**What you should do**
Every record below should be written out exactly; pictures stay out.
=== Begin Enclosure ===
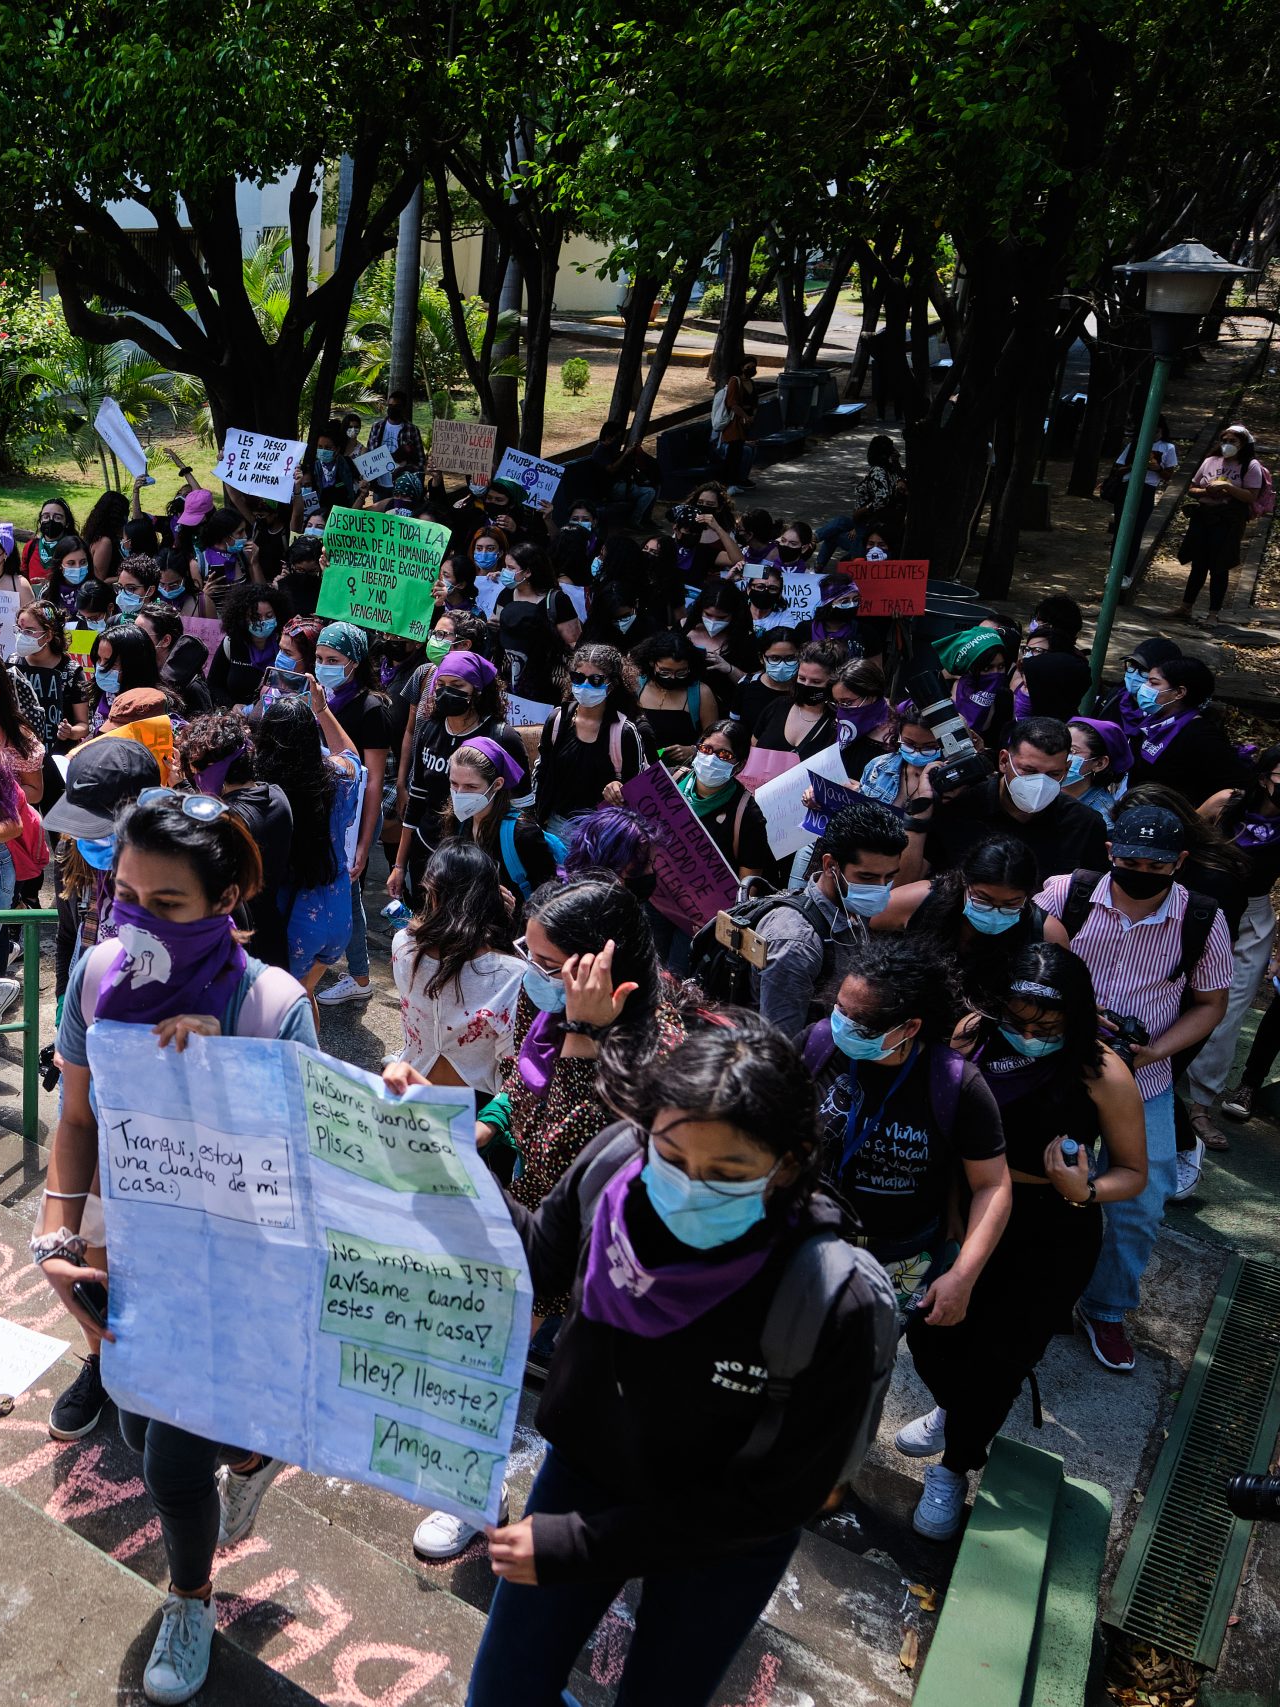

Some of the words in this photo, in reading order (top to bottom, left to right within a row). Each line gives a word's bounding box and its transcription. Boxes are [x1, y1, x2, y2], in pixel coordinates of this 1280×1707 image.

[238, 434, 254, 447] LES
[263, 439, 287, 452] DESEO
[240, 449, 250, 460] EL
[257, 452, 280, 462] VALOR
[225, 470, 233, 478] A
[237, 473, 247, 482] LA
[250, 473, 280, 486] PRIMERA
[239, 462, 250, 471] DE
[253, 462, 272, 471] IRSE
[329, 512, 376, 534] DESPUÉS
[382, 519, 396, 537] DE
[399, 523, 421, 542] TODA
[426, 528, 445, 548] LA
[327, 533, 369, 551] HISTORIA
[372, 539, 384, 554] DE
[386, 544, 396, 557] LA
[398, 546, 441, 566] HUMANIDAD
[329, 550, 377, 569] AGRADEZCAN
[379, 557, 395, 573] QUE
[398, 561, 437, 584] EXIGIMOS
[871, 564, 925, 581] CLIENTES
[361, 571, 398, 590] LIBERTAD
[368, 588, 375, 602] Y
[376, 590, 387, 605] NO
[881, 598, 915, 614] TRATA
[350, 603, 393, 625] VENGANZA
[409, 619, 426, 638] #8M
[647, 766, 682, 817] NUNCA
[679, 813, 729, 886] TENDRAN
[688, 868, 716, 901] DE
[312, 1101, 351, 1128] estes
[357, 1118, 374, 1136] en
[378, 1129, 398, 1147] tu
[407, 1136, 456, 1158] casa
[199, 1144, 244, 1174] estoy
[261, 1157, 278, 1173] a
[888, 1141, 929, 1161] tocan
[114, 1154, 154, 1179] una
[228, 1172, 247, 1193] de
[255, 1177, 280, 1197] mi
[373, 1245, 454, 1282] importa
[327, 1272, 412, 1305] avísame
[326, 1297, 376, 1322] estes
[384, 1308, 408, 1328] en
[416, 1311, 436, 1332] tu
[350, 1349, 404, 1388] Hey?
[412, 1366, 499, 1416] llegaste?
[714, 1360, 744, 1373] NO
[748, 1364, 768, 1380] HA
=== End Enclosure ===
**Exercise answer**
Some of the words in this photo, in reading order (top to bottom, left to right within a row). Each line gives a word's bounding box and its transcription. Boxes are [x1, y1, x2, y2], in pixel coordinates of this 1280×1707 image.

[238, 434, 254, 447] LES
[263, 439, 287, 452] DESEO
[240, 449, 250, 460] EL
[257, 452, 280, 462] VALOR
[225, 470, 233, 478] A
[237, 473, 247, 482] LA
[250, 473, 280, 486] PRIMERA
[239, 462, 250, 471] DE
[253, 462, 272, 471] IRSE
[329, 512, 376, 534] DESPUÉS
[382, 519, 396, 537] DE
[399, 523, 421, 542] TODA
[426, 528, 445, 548] LA
[327, 533, 369, 551] HISTORIA
[372, 539, 384, 554] DE
[386, 544, 396, 557] LA
[398, 546, 441, 566] HUMANIDAD
[329, 550, 377, 569] AGRADEZCAN
[379, 557, 395, 573] QUE
[398, 561, 437, 584] EXIGIMOS
[871, 564, 925, 581] CLIENTES
[361, 571, 398, 590] LIBERTAD
[368, 588, 375, 602] Y
[376, 590, 387, 605] NO
[881, 598, 915, 614] TRATA
[350, 603, 393, 625] VENGANZA
[409, 619, 426, 638] #8M
[647, 766, 682, 817] NUNCA
[679, 813, 729, 886] TENDRAN
[688, 868, 716, 901] DE
[312, 1101, 351, 1128] estes
[357, 1118, 374, 1136] en
[378, 1129, 398, 1147] tu
[407, 1136, 456, 1158] casa
[199, 1144, 244, 1174] estoy
[261, 1157, 278, 1173] a
[888, 1141, 929, 1161] tocan
[114, 1154, 154, 1179] una
[228, 1172, 247, 1193] de
[255, 1177, 280, 1197] mi
[373, 1245, 454, 1282] importa
[327, 1272, 412, 1305] avísame
[326, 1297, 376, 1322] estes
[384, 1308, 408, 1328] en
[416, 1311, 436, 1332] tu
[350, 1349, 404, 1388] Hey?
[412, 1366, 499, 1416] llegaste?
[714, 1360, 744, 1373] NO
[748, 1364, 768, 1380] HA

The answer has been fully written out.